» **Task prompt**
Nothing but a verbatim copy of the data, minus the images, should be returned.

» **The records**
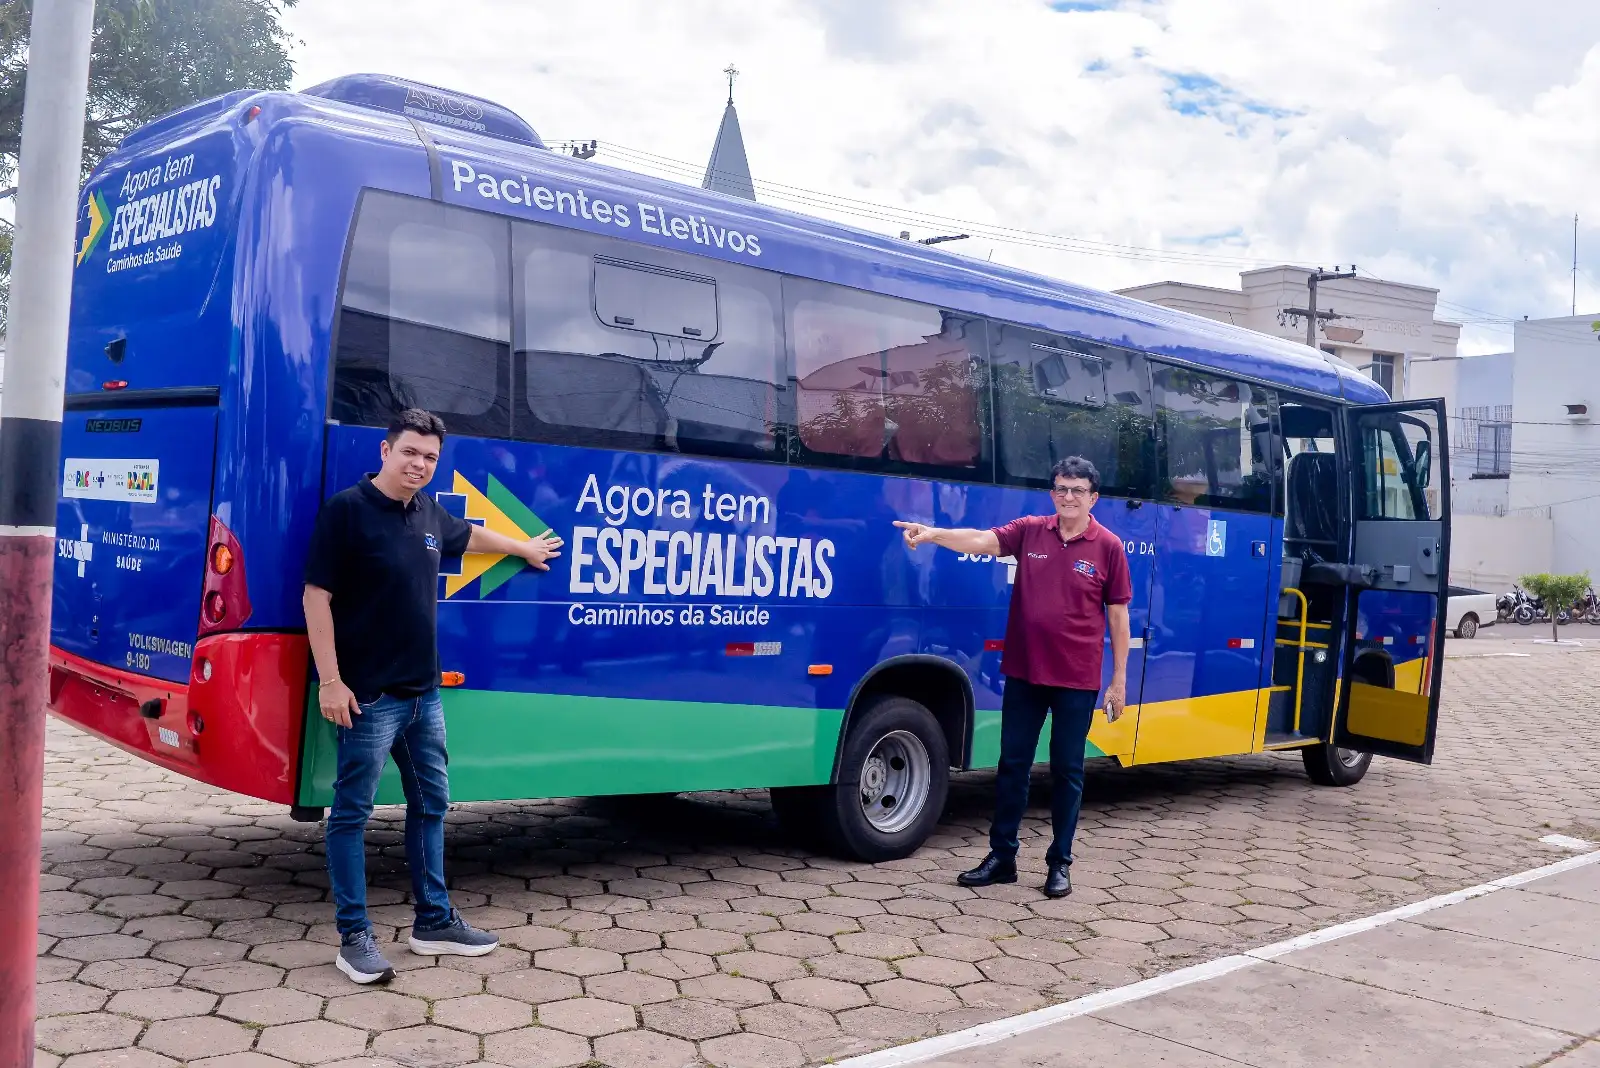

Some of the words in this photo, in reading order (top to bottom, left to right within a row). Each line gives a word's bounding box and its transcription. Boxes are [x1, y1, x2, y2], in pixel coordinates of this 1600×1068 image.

[120, 165, 160, 201] Agora
[163, 153, 195, 180] tem
[109, 175, 221, 252] ESPECIALISTAS
[451, 160, 631, 228] Pacientes
[637, 202, 762, 256] Eletivos
[106, 253, 143, 273] Caminhos
[143, 249, 154, 265] da
[155, 241, 182, 263] Saúde
[87, 419, 140, 432] NEOBUS
[575, 473, 691, 526] Agora
[702, 483, 770, 524] tem
[58, 538, 74, 559] SUS
[102, 531, 147, 550] MINISTÉRIO
[149, 537, 160, 552] DA
[1140, 541, 1155, 556] DA
[116, 553, 142, 572] SAÚDE
[569, 526, 836, 599] ESPECIALISTAS
[568, 603, 674, 626] Caminhos
[679, 604, 705, 626] da
[709, 604, 770, 626] Saúde
[128, 632, 192, 659] VOLKSWAGEN
[126, 651, 150, 671] 9-180
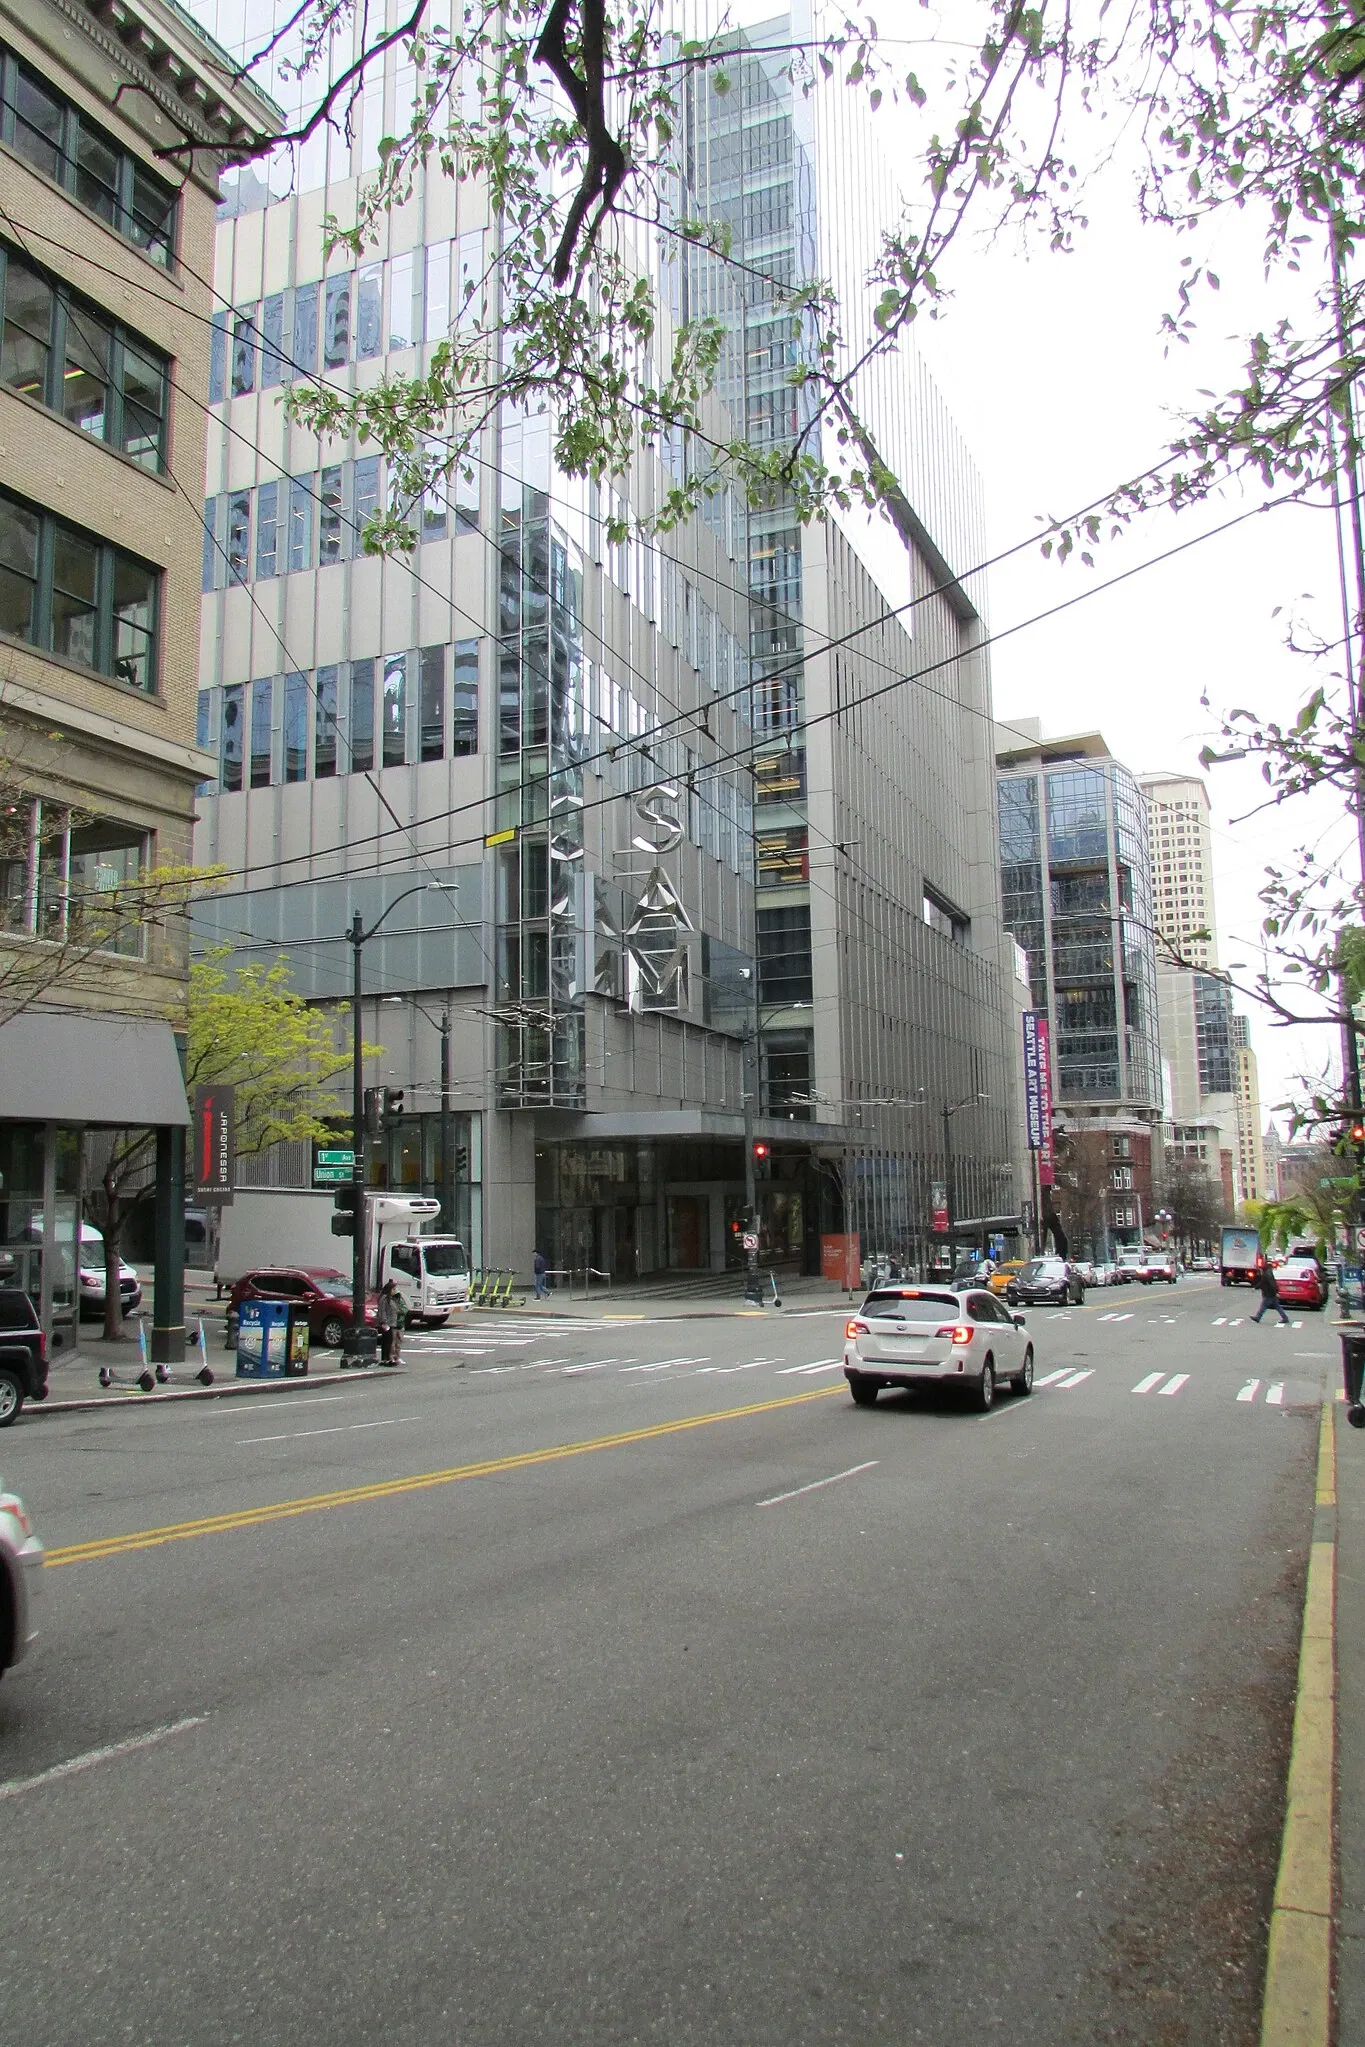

» **Result**
Some of the words in this photo, in reading order (top to bottom, left to right within a row). Each line gives a word's bounding box and its transcription. Boxes are [x1, y1, x2, y2], in pixel coordinates of this 1600×1068 image.

[120, 165, 160, 201] Agora
[163, 153, 195, 180] tem
[109, 175, 221, 252] ESPECIALISTAS
[451, 160, 631, 228] Pacientes
[637, 202, 762, 256] Eletivos
[106, 253, 143, 273] Caminhos
[143, 249, 154, 265] da
[155, 241, 182, 263] Saúde
[87, 419, 140, 432] NEOBUS
[575, 473, 691, 526] Agora
[702, 483, 770, 524] tem
[58, 538, 74, 559] SUS
[102, 531, 147, 550] MINISTÉRIO
[149, 537, 160, 552] DA
[1140, 541, 1155, 556] DA
[116, 553, 142, 572] SAÚDE
[569, 526, 836, 599] ESPECIALISTAS
[568, 603, 674, 626] Caminhos
[679, 604, 705, 626] da
[709, 604, 770, 626] Saúde
[128, 632, 192, 659] VOLKSWAGEN
[126, 651, 150, 671] 9-180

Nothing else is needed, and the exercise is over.